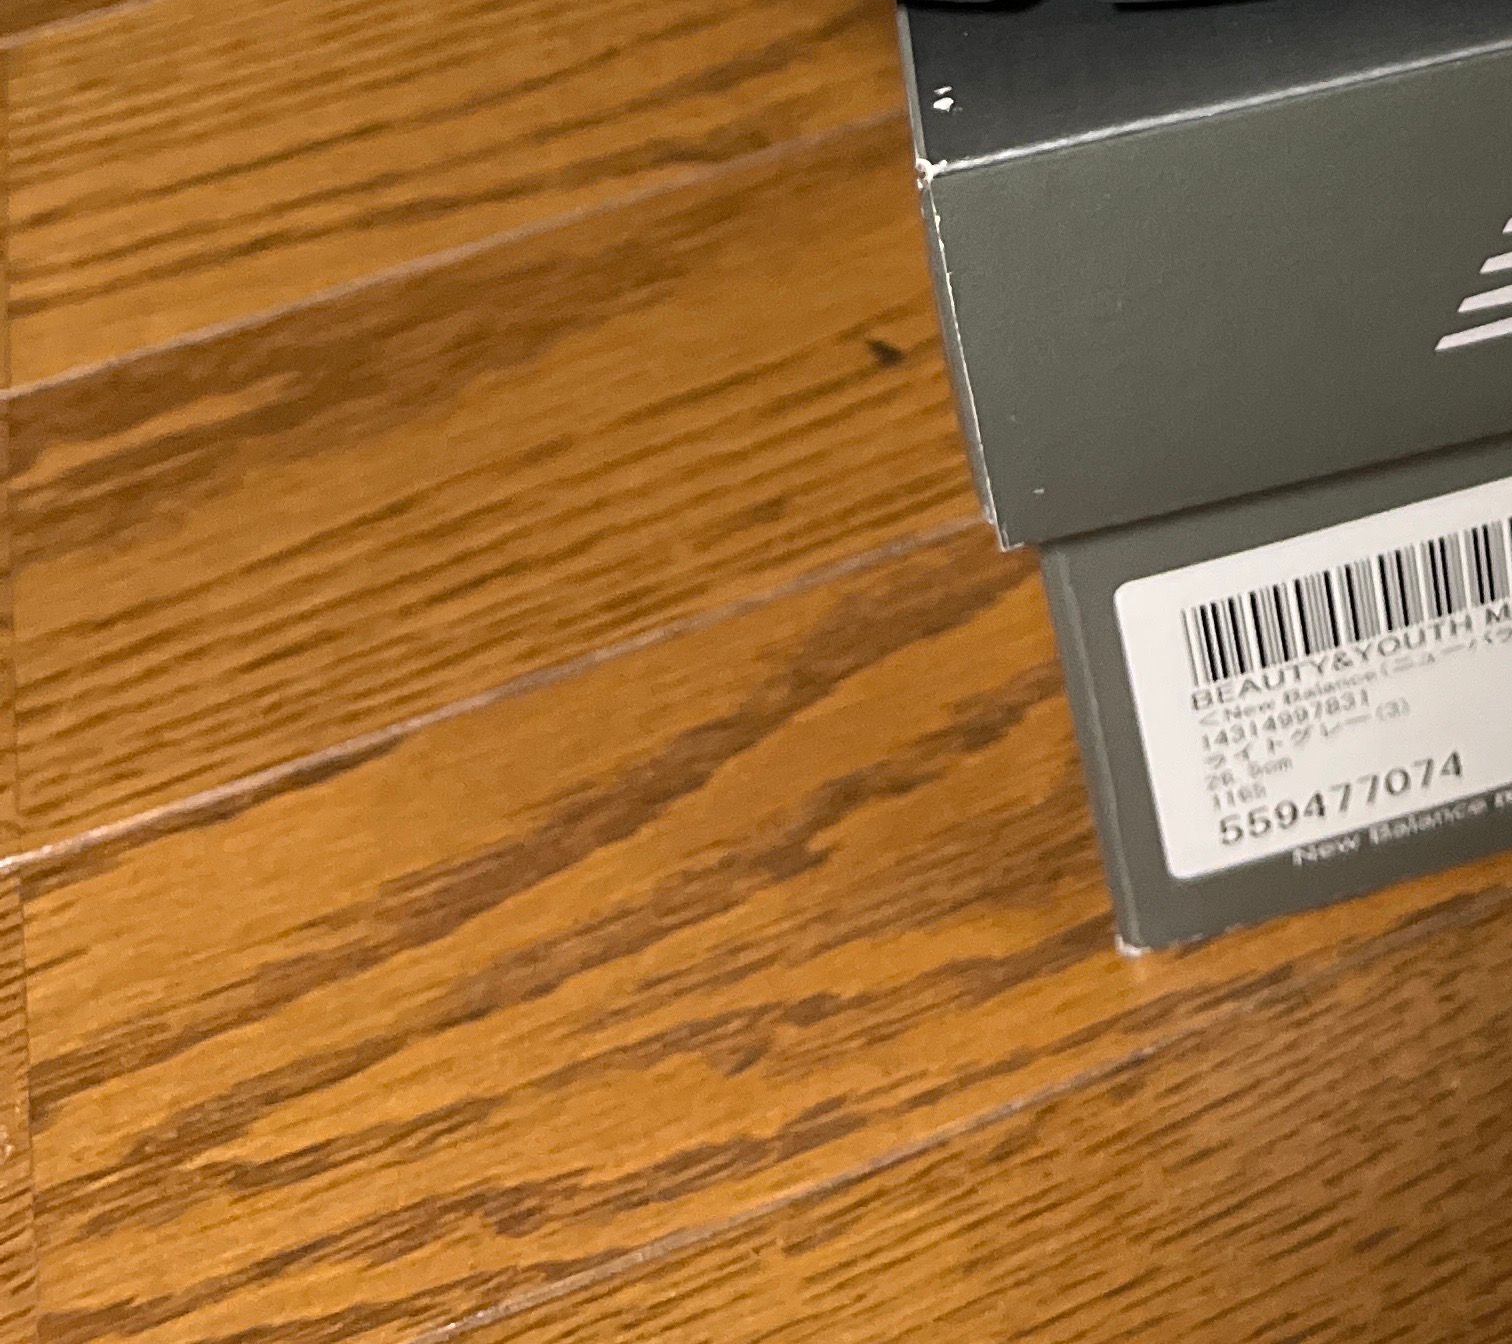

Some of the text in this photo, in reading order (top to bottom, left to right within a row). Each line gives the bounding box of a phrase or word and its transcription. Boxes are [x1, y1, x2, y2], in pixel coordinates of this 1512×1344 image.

[1191, 612, 1472, 712] BEAUTY&YOUTH
[1219, 750, 1463, 846] 559477074
[1291, 834, 1360, 866] New
[1368, 796, 1488, 845] Balance
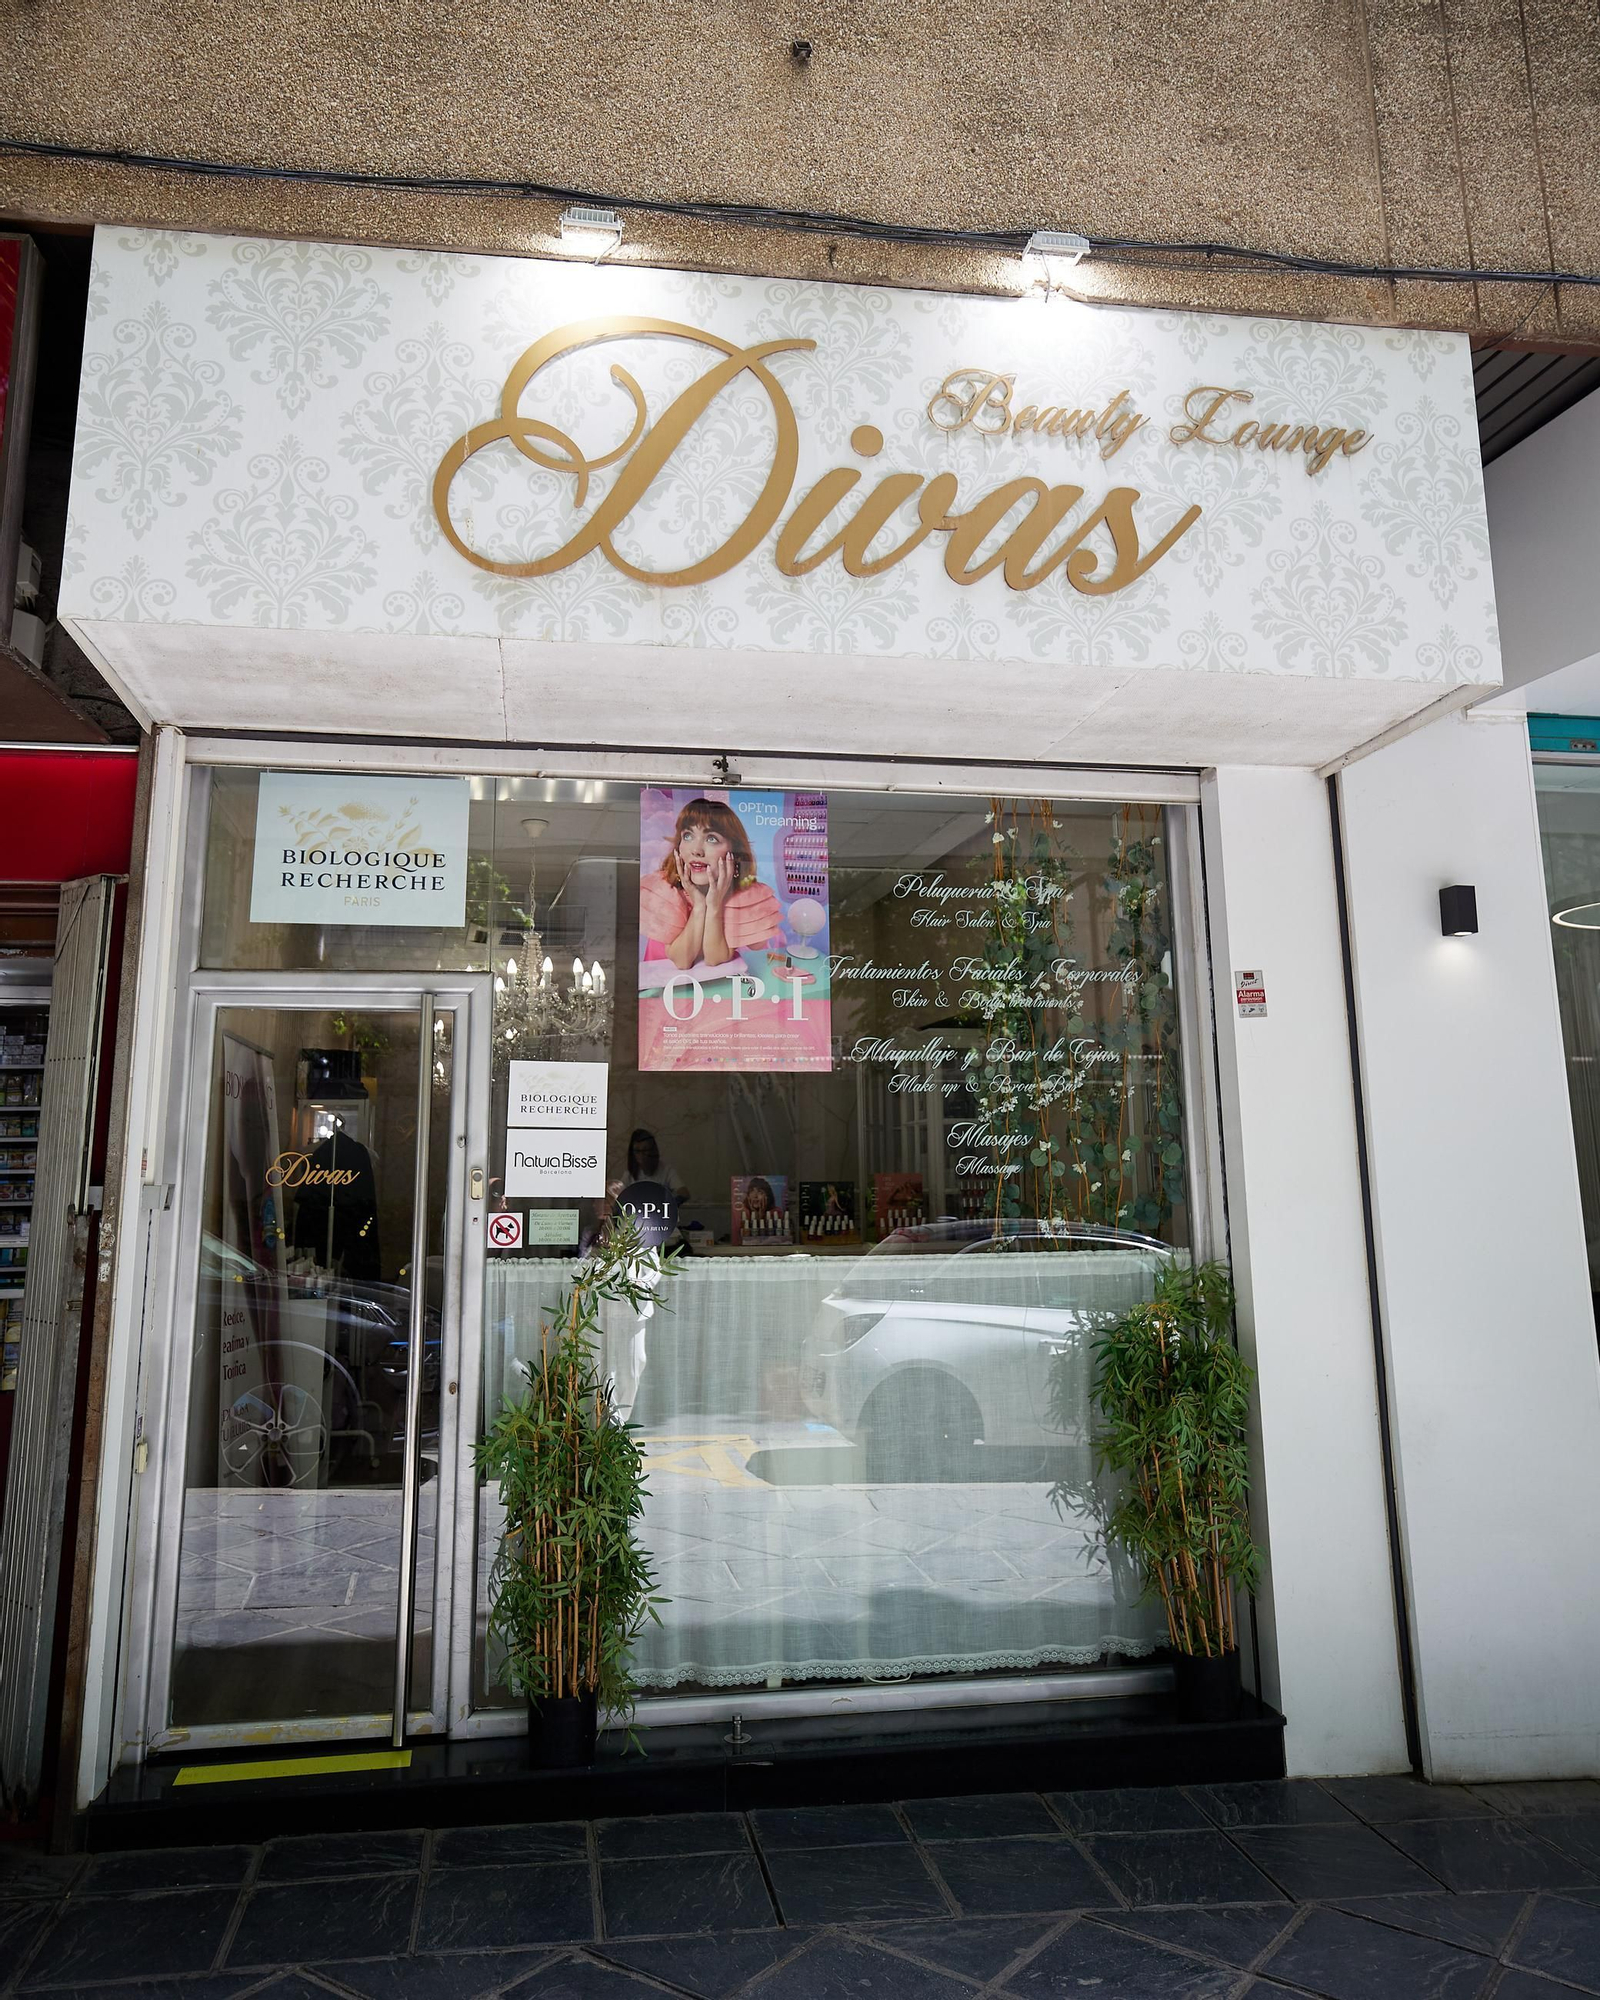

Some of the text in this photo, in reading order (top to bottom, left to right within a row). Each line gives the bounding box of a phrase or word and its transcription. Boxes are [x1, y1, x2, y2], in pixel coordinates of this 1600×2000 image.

[Exercise brief]: Return each record above as it stands. Pictures stay out.

[Solution]:
Some of the text in this photo, in reading order (top to bottom, left to right within a row). Each line gives the bounding box of a phrase or word and its transcription. Boxes are [x1, y1, x2, y2], in pixel coordinates of this 1512×1344 image.

[1191, 612, 1472, 712] BEAUTY&YOUTH
[1219, 750, 1463, 846] 559477074
[1291, 834, 1360, 866] New
[1368, 796, 1488, 845] Balance

Some of the text in this photo, in reading order (top to bottom, left to right within a row). Each line gives the bounding box of a phrase or word and its transcription. Boxes are [x1, y1, x2, y2], in pixel coordinates of this 1600×2000 image.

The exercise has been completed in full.